= Your objective =
Copy out again, unchanged, the listing below from the line that has "Some of the text" through the line that has "this 1440×960 image.".

= Information given =
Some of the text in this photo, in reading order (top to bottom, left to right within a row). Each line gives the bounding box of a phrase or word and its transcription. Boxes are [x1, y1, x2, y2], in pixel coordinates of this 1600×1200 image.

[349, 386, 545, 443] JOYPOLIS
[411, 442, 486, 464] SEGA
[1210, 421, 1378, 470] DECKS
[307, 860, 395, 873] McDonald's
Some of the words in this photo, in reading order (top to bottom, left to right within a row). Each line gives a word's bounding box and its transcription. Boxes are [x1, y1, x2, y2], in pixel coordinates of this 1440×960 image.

--

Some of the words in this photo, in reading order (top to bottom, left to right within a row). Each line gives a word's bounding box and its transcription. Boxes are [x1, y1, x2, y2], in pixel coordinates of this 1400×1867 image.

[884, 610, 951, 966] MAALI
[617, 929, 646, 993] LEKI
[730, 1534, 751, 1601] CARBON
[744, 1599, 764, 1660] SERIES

= Solution below =
Some of the text in this photo, in reading order (top to bottom, left to right within a row). Each line gives the bounding box of a phrase or word and its transcription. Boxes are [x1, y1, x2, y2], in pixel coordinates of this 1600×1200 image.

[349, 386, 545, 443] JOYPOLIS
[411, 442, 486, 464] SEGA
[1210, 421, 1378, 470] DECKS
[307, 860, 395, 873] McDonald's
Some of the words in this photo, in reading order (top to bottom, left to right within a row). Each line gives a word's bounding box and its transcription. Boxes are [x1, y1, x2, y2], in pixel coordinates of this 1440×960 image.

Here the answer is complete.